In October 1998, a twenty-one-year-old student at the University of Wyoming was kidnapped, severely beaten, and left tied to a fence in the middle of the prairie outside Laramie, Wyoming. His bloody, bruised, and battered body was not discovered until the next day, and he died several days later in an area hospital. Matthew Shepard's brutal murder was viewed as a hate crime, assaulted strictly because he was gay. Playwright Moisés Kaufman and the Tectonic Theater Project made six trips to Laramie over the course of a year and a half, conducting more than 200 interviews with the people of the town, including law enforcement officers, Laramie citizens, and even the two young men who perpetrated the deed and eventually convicted of murder. Lit Live Theater Company's performance of The Laramie Project, currently playing through Sunday, July 29 at the Elite Theatre Company in Oxnard, is a disquieting and effective production featuring a rotating cast of 17 (the original play calls for a cast of eight) who speak the words of the more than 50 subjects Kaufman and his crew interviewed.

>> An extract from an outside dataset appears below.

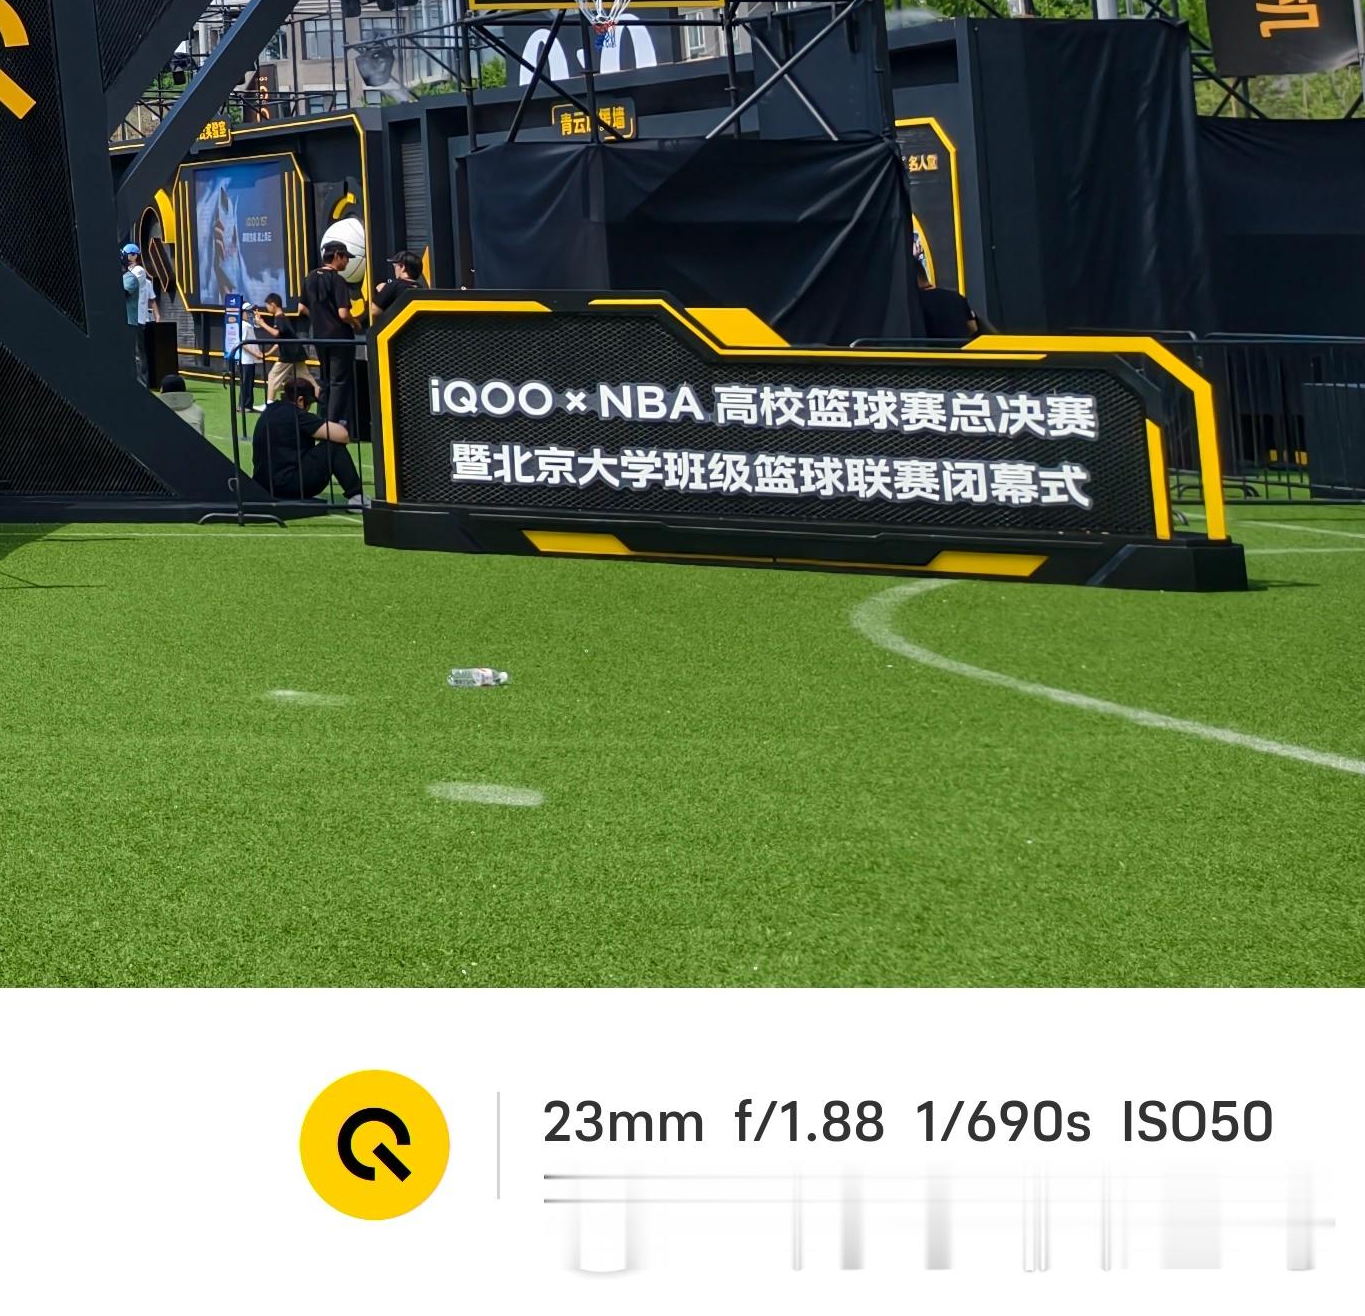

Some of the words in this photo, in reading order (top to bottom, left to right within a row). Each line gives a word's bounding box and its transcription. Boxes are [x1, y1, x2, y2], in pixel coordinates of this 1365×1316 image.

[600, 383, 705, 422] NBA
[713, 383, 1097, 441] 高校篮球赛总决赛
[451, 442, 1094, 509] 暨北京大学班级篮球联赛闭幕式
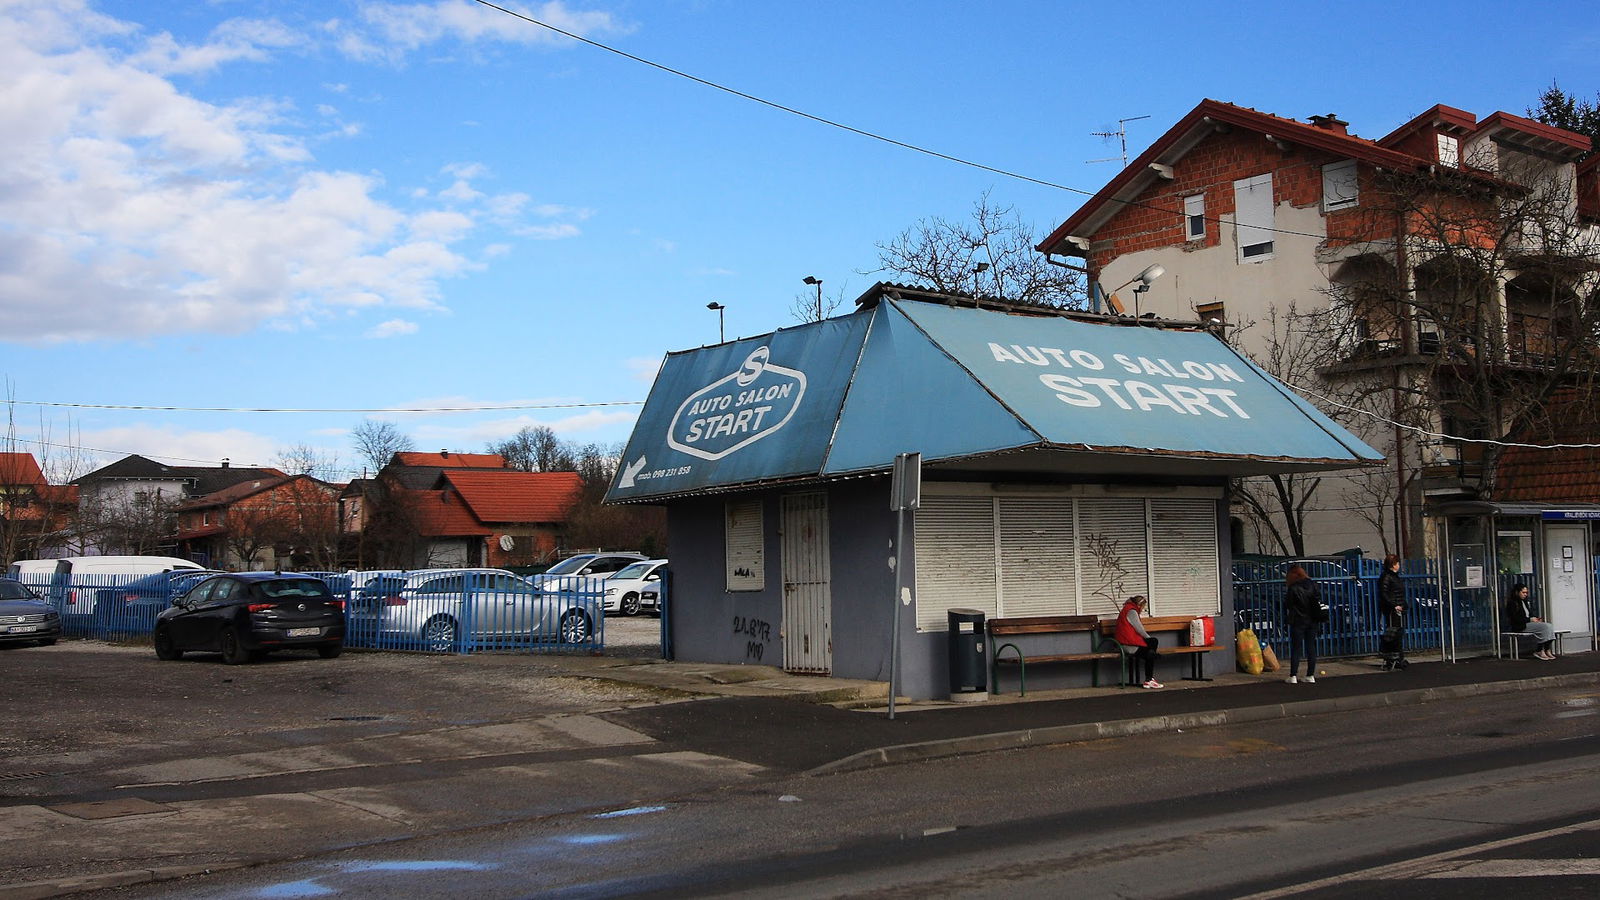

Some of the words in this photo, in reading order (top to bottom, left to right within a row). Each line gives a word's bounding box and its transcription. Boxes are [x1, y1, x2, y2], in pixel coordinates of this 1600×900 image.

The Laramie Project is more of a documentary than a courtroom drama. The idea was to characterize the town in its reaction to the crime and its aftermath, rather than to document the crime itself and the ensuing trial. Characters are fleetingly introduced by narrator Lindsay Roth, ranging from family members of the accused to witnesses, religious leaders, and those who knew both Shepard and his attackers. The residents of Laramie are depicted as real people, many of whom resent the fact that because of the murder, Laramie has now, like Columbine, Sandy Hook, and Aurora, been equated with a notorious crime.

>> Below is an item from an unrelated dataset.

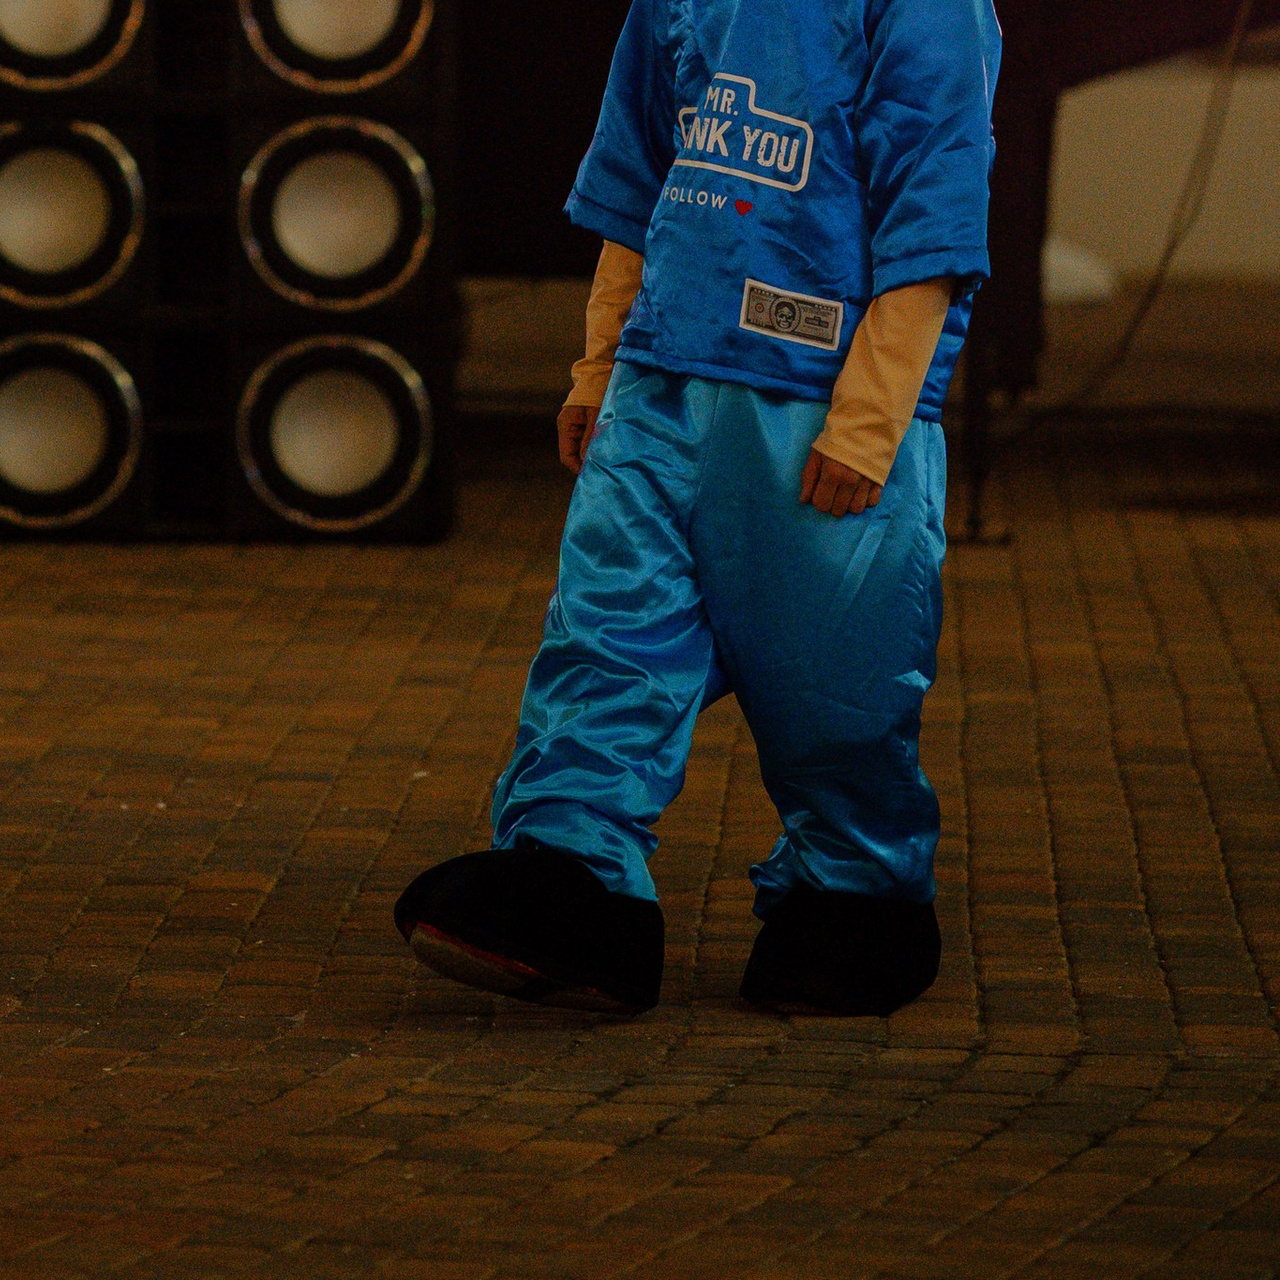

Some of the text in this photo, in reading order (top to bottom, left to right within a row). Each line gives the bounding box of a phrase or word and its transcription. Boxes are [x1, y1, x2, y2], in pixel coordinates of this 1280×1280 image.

The interrogations of the two assailants, Aaron McKinney (Spencer Sharp) and Russell Henderson (Gregor Balkian), are especially chilling. Neither shows remorse for their actions, with Sharp's dead-eyed responses to questions being particularly unnerving. J. Paul Zimmerman excels as the Reverend Fred Phelps, one of six characters he portrays, a homophobic Baptist minister who praises a God that hates gays and who condemns Shepard to an eternity in hell. Little of the dialog can be considered memorable. There are very few quotes that can be emblazoned on a plaque as a warning or precursor to future acts of this diabolical nature. The weightiness of the play is that these are words of real people reacting to a real tragedy. One shocked resident said of McKinney and Henderson: "We don't grow children like that here" and then came to the realization that yes, they do. Many express reluctant tolerance of Shepard's gay lifestyle, swallowing a "live and let live" attitude like it's a spoonful of castor oil. Others are less subtle, expressing their blind hatred for Shepard's "alternate lifestyle." The most emotionally wrought sequence comes when the victim's father, Dennis Shepard (in a powerful performance by Paul Carpenter), addresses McKinney directly in the courtroom, delivering a seething display of unforgiving hatred, with McKinney sitting impassively still.

The cumulative effect of The Laramie Project is one of revulsion, anger, and ultimately, sadness. Lit Live's mission - to stage live performances of classic literature - has delivered another thought-provoking, highly recommended production that packs a wallop as well as a message of tolerance and rejection of senseless hate.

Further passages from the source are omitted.